Heritage

Things to do in Glastonbury

From the last resting place of King Arthur and Guinevere to the holy thorn tree planted by Joseph of Arimathea, Glastonbury is swathed in myth and legend like the mists that envelop the Vale of Avalon.  This ancient and fascinating town is well worth a visit to see the multitude of natural and man-made sites. There are also plenty of shops, cafes and restaurants to explore too.

Lying in the Vale of Avalon, Glastonbury, which was once an island, is a very unusual town and probably one of England’s most spiritual places. It has a certain ‘alternative’ vibe – the mix of lay lines, springs and the Tor attracts the spiritually-minded whilst it also continues to be a centre of Christian pilgrimage as Glastonbury is reputed to be the birthplace of Christianity in England.

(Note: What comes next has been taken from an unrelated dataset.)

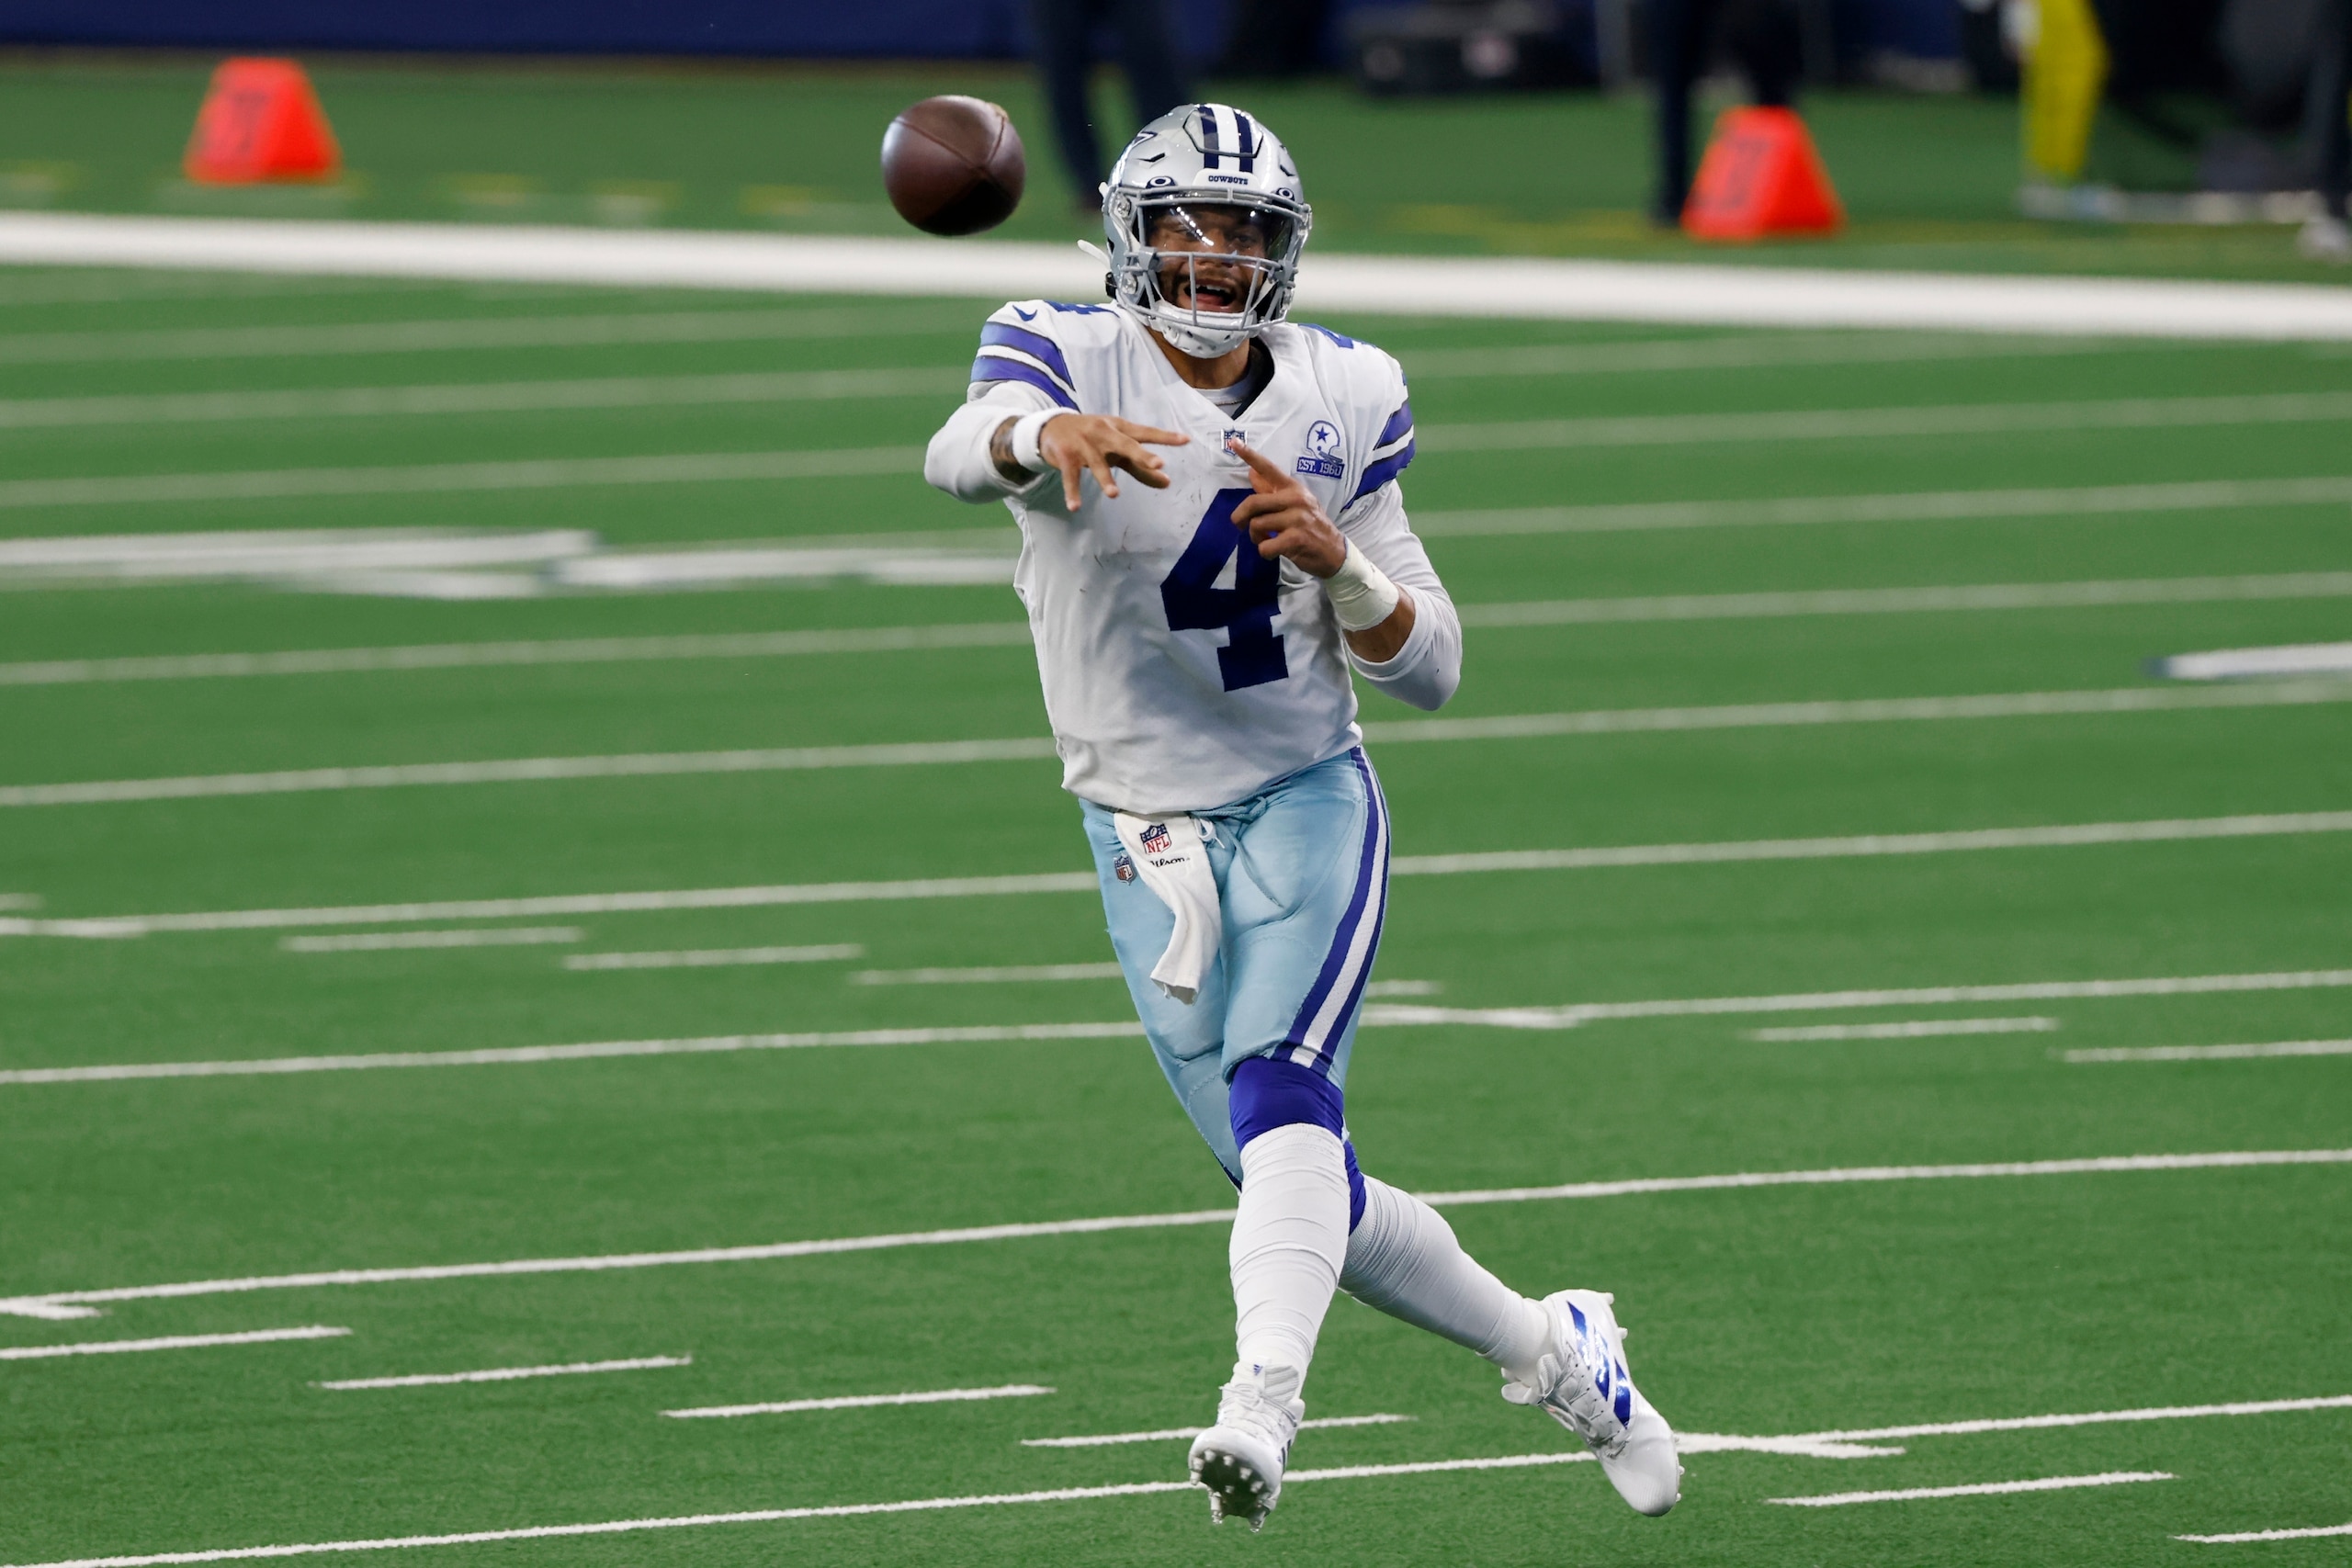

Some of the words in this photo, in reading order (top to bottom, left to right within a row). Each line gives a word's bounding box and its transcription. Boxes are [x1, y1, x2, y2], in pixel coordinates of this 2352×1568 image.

Probably the most iconic site of Glastonbury is the Tor, a fabulous tower structure overlooking the gloriously named Summerland meadows and which can be seen for miles. Surrounded by myth (of course) with connections to Arthur and ancient goddesses, it’s well worth the climb for the stunning views. You can walk to the base of the hill and climb up, or alternatively get the Tor Bus from the town centre.

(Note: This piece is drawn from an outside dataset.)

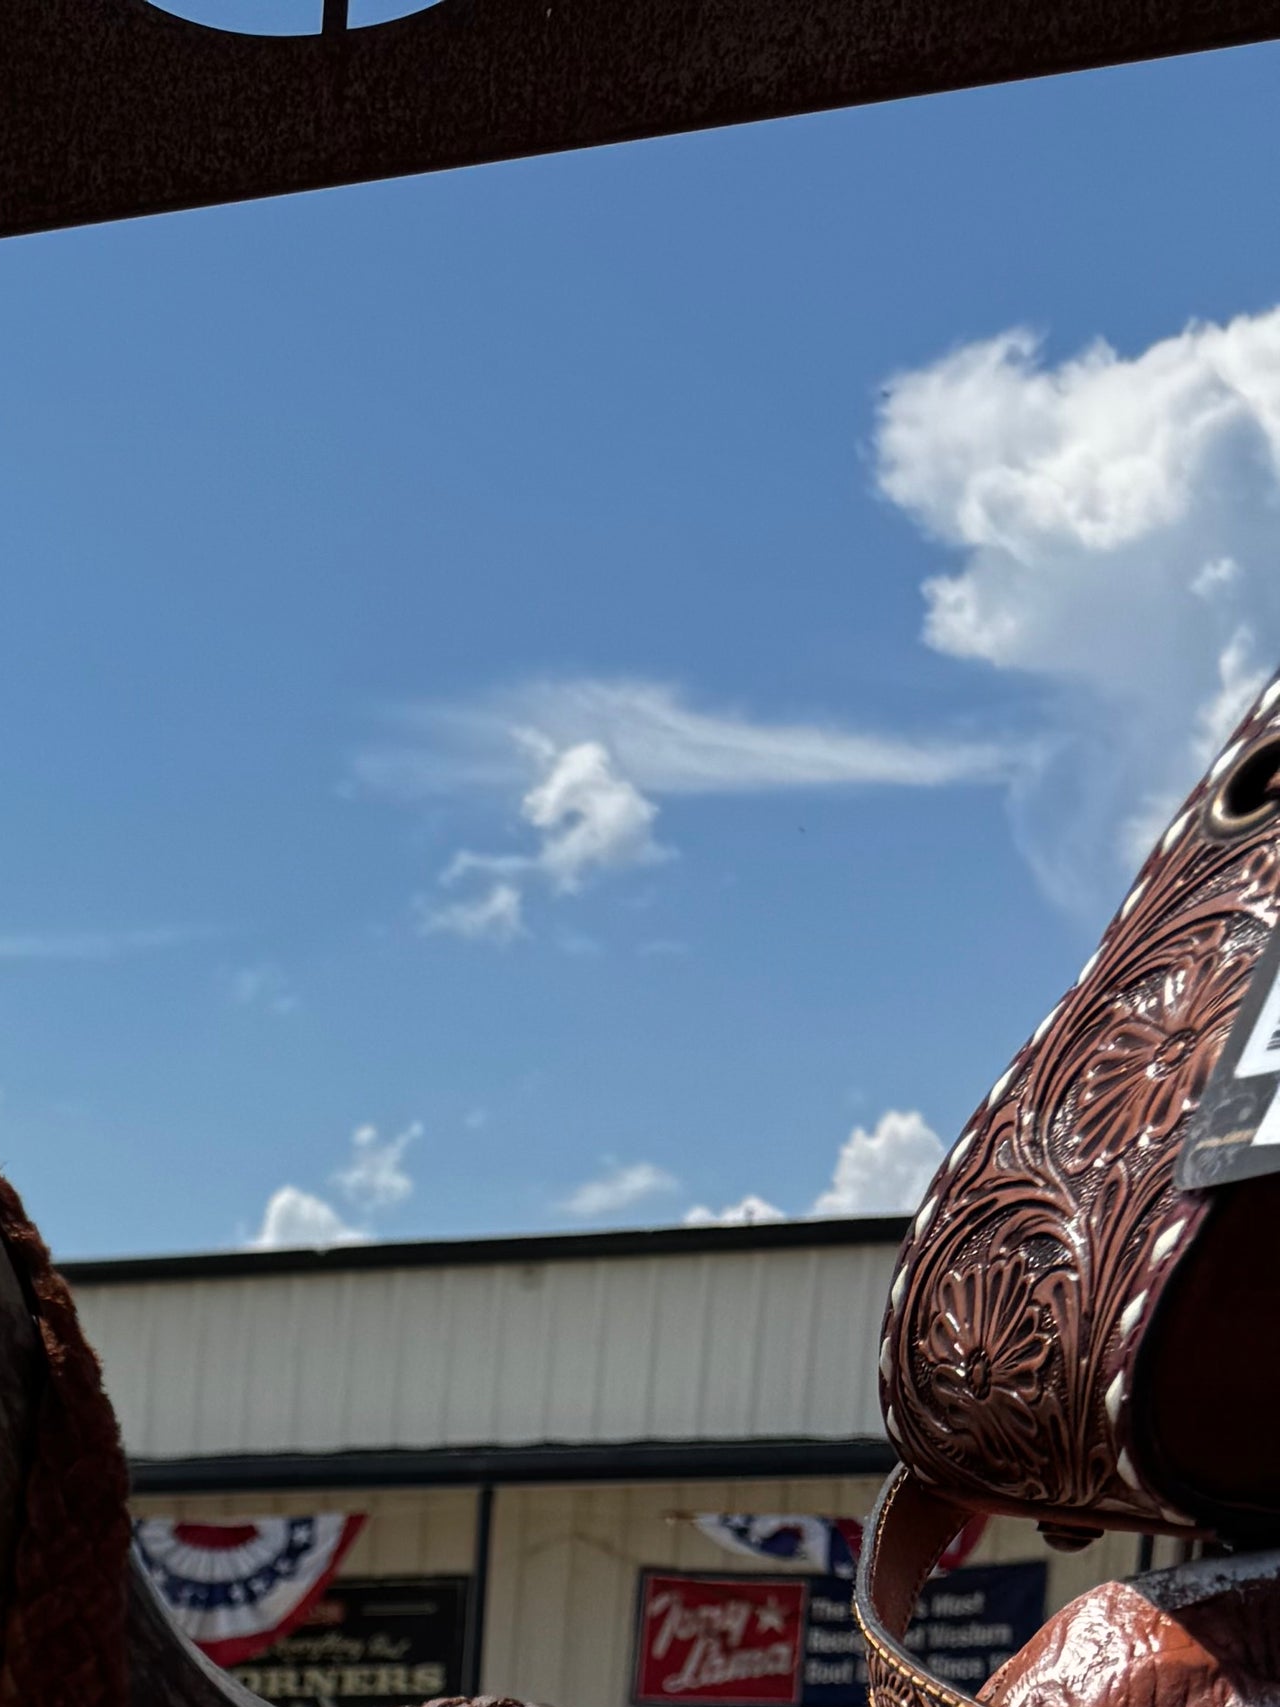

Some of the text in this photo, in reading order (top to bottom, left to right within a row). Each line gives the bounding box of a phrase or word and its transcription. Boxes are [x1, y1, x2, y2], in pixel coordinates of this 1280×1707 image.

[648, 1591, 752, 1660] Tony
[235, 1661, 447, 1698] ORNERS
[662, 1635, 791, 1694] Lama

Another must-see is the ruined abbey, serenely located in the centre of the town. With parts of the nave dating back to the 7th century, there’s plenty of myth and legend surrounding this holy spot, reputed to be the final resting place of King Arthur and Guinevere as well as home to the famed thorn trees supposedly descending from the staff of Joseph of Arimathea. Legend has it that he travelled to Britain and on climbing Wearyall Hill planted his staff in the ground, only to find it had taken root the next day. Interestingly, the thorns only blossom at Easter and Christmas time.

 

The Chalice Well is a fascinating visit. Surrounded by beautiful, well-cared for gardens, this is one of Britain’s most ancient and spiritual wells. Amongst other things, it is believed that the Holy Grail (the chalice) was dipped in its waters. Today it’s a living sanctuary of sorts, with daily meditations taking place and a wide programme of events throughout the year.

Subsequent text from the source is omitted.